WHAT YOU WILL DO
For each record that follows, restate the text exactly and drop the pictures.

---- DATA FOR THIS TASK

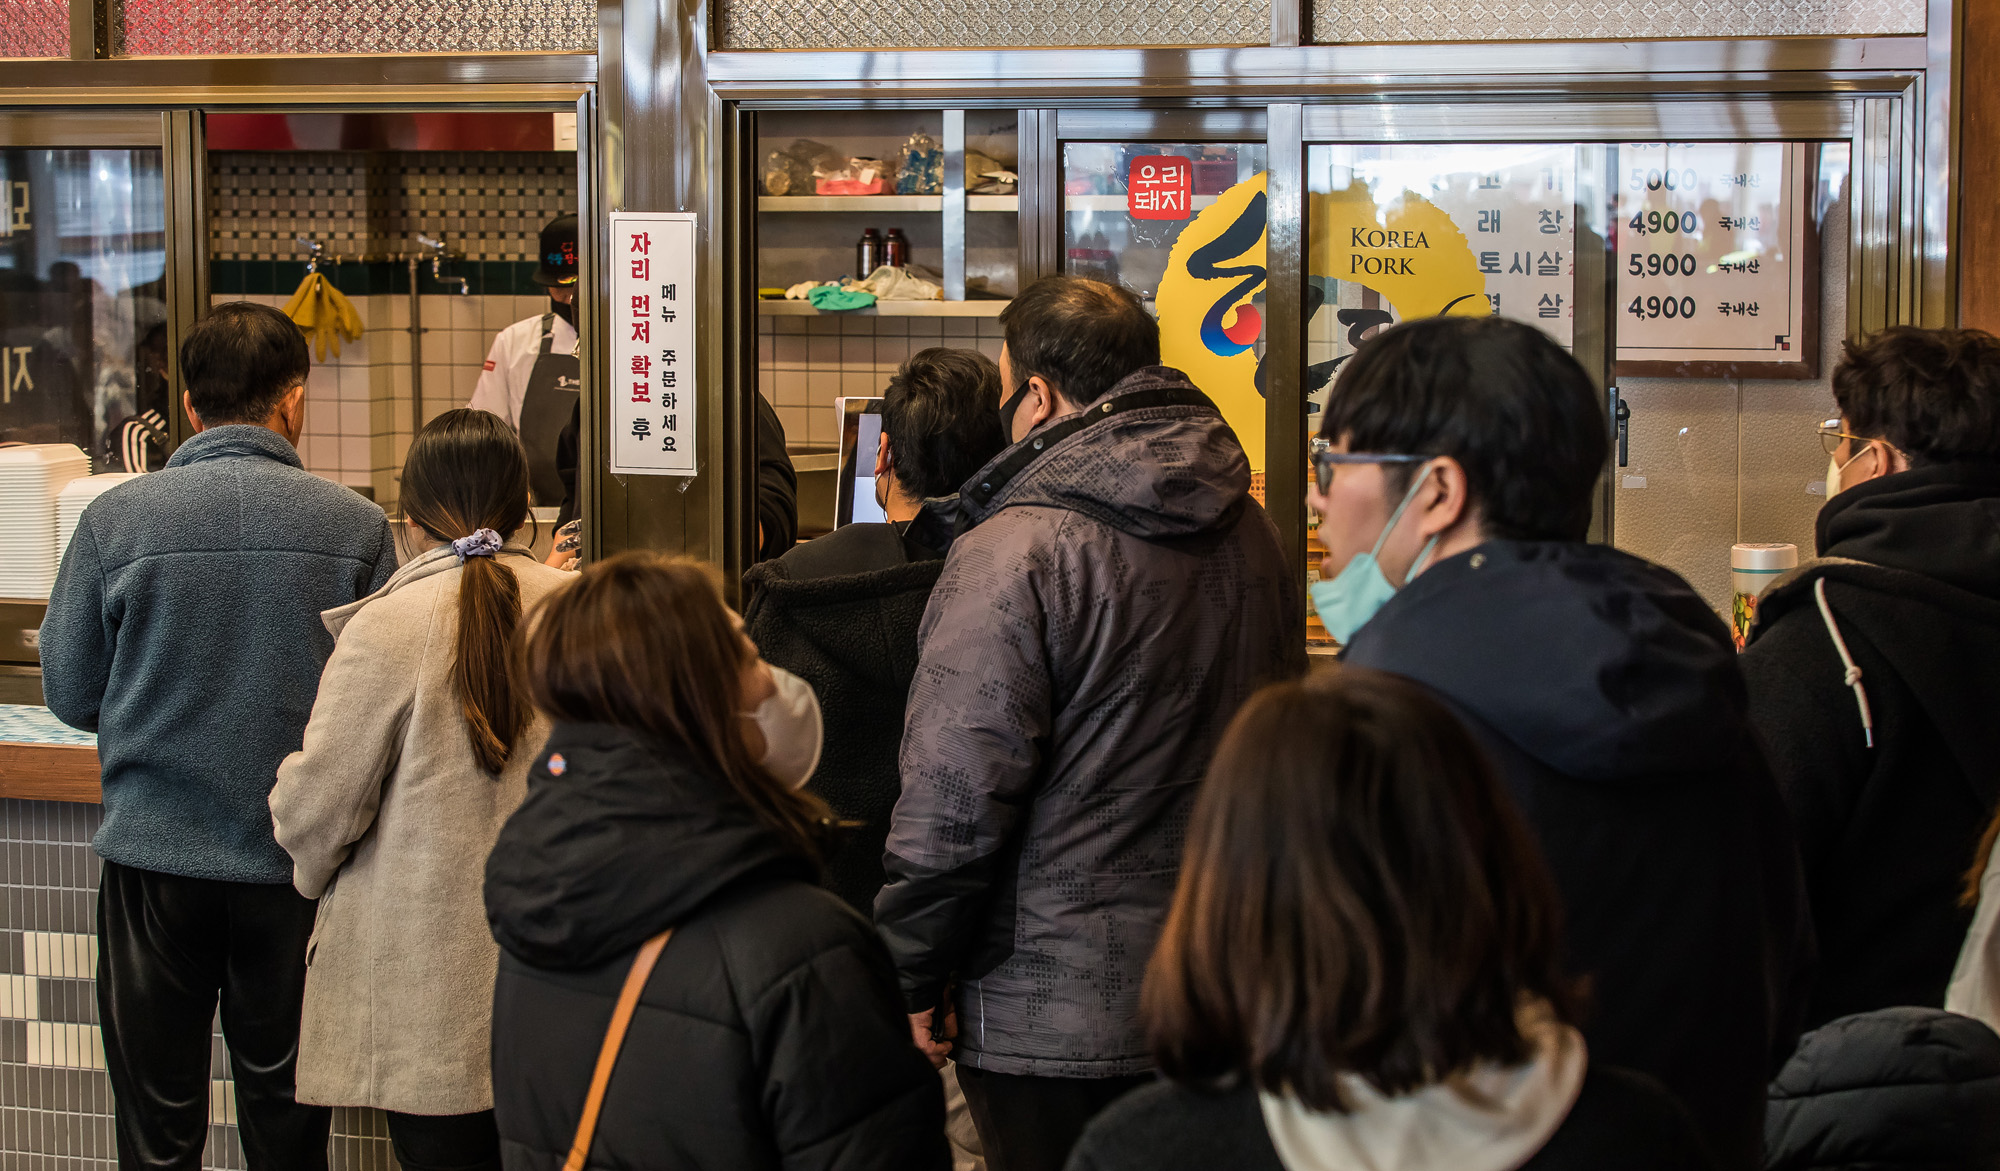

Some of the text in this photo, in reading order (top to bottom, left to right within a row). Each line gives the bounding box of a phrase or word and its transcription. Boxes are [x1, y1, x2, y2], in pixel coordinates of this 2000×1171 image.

[1136, 164, 1185, 188] 우리
[1629, 168, 1761, 193] 5,000 국내산
[1134, 189, 1185, 211] 돼지
[1628, 210, 1761, 237] 4,900 국내산
[1350, 227, 1431, 249] KOREA
[1350, 254, 1417, 276] PORK
[1628, 253, 1761, 279] 5,900 국내산
[1627, 295, 1760, 321] 4,900 국내산
[630, 232, 652, 441] 자리 먼저 확보 후
[661, 283, 677, 452] 메뉴 주문하세요
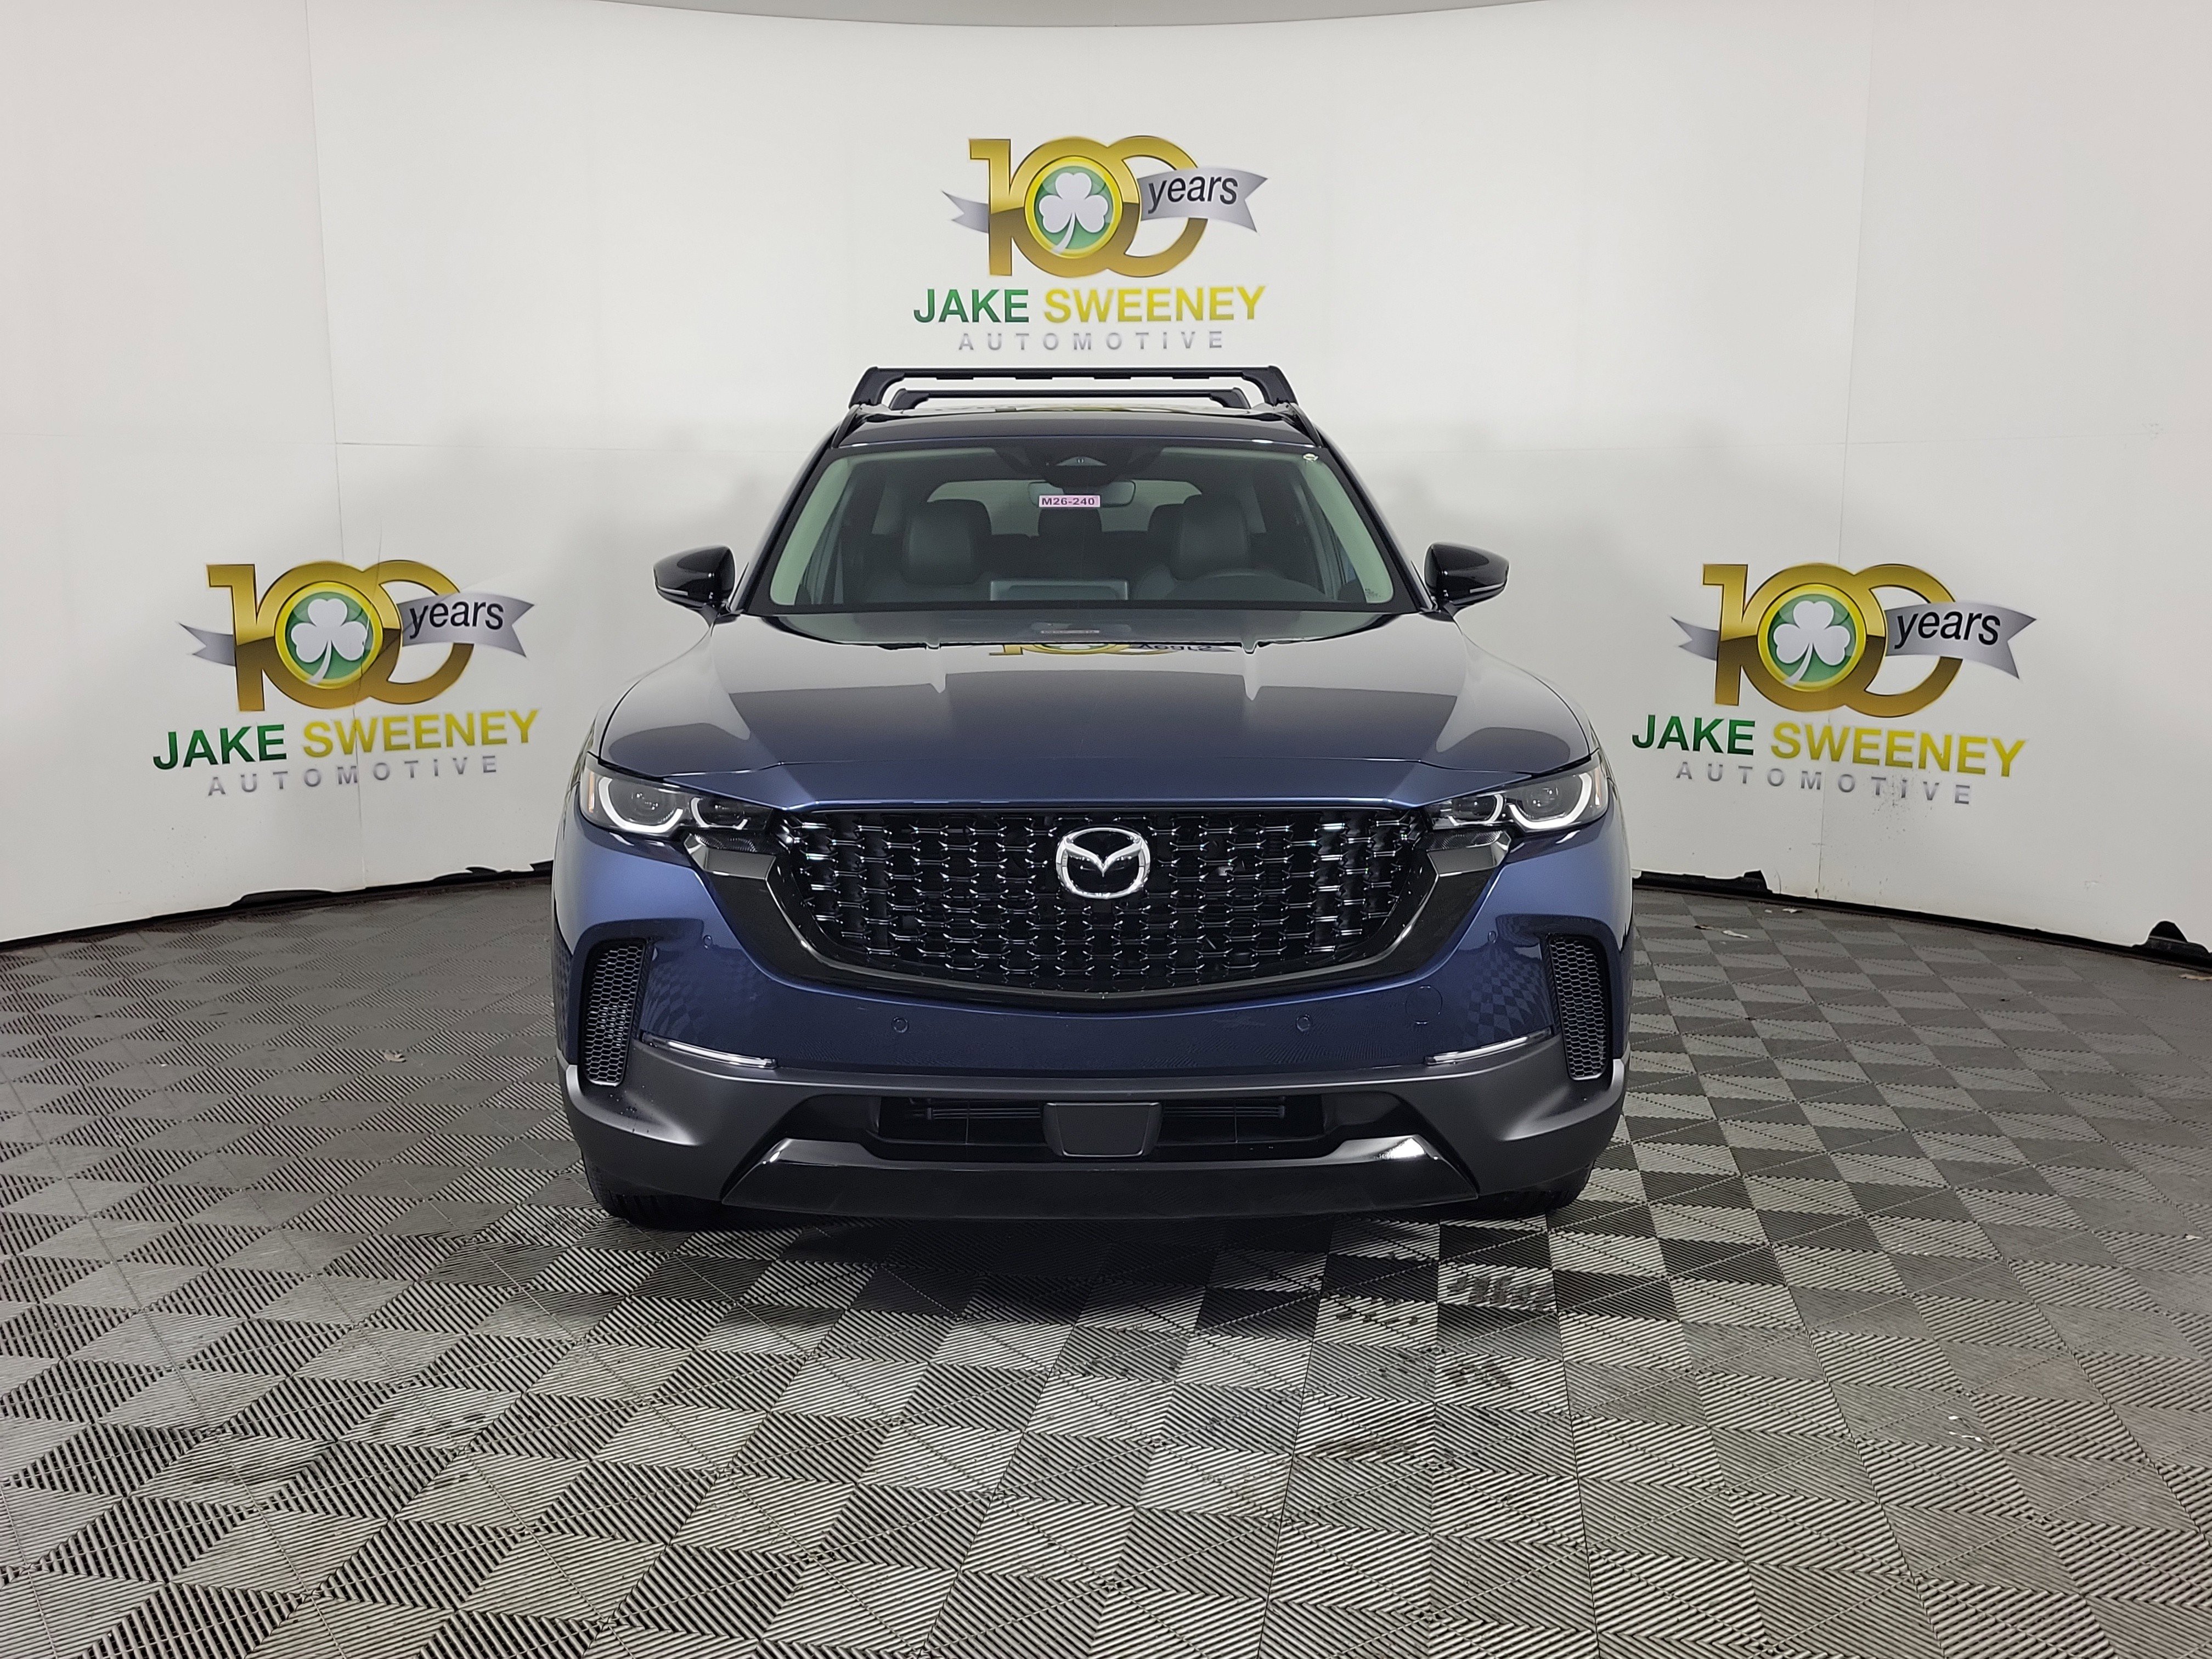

--------

REPLY TO THE TASK
Some of the text in this photo, in reading order (top to bottom, left to right within a row). Each line gives the bounding box of a phrase or word and its transcription. Boxes are [x1, y1, x2, y2], in pixel coordinates of this 2000×1171 image.

[1136, 164, 1185, 188] 우리
[1629, 168, 1761, 193] 5,000 국내산
[1134, 189, 1185, 211] 돼지
[1628, 210, 1761, 237] 4,900 국내산
[1350, 227, 1431, 249] KOREA
[1350, 254, 1417, 276] PORK
[1628, 253, 1761, 279] 5,900 국내산
[1627, 295, 1760, 321] 4,900 국내산
[630, 232, 652, 441] 자리 먼저 확보 후
[661, 283, 677, 452] 메뉴 주문하세요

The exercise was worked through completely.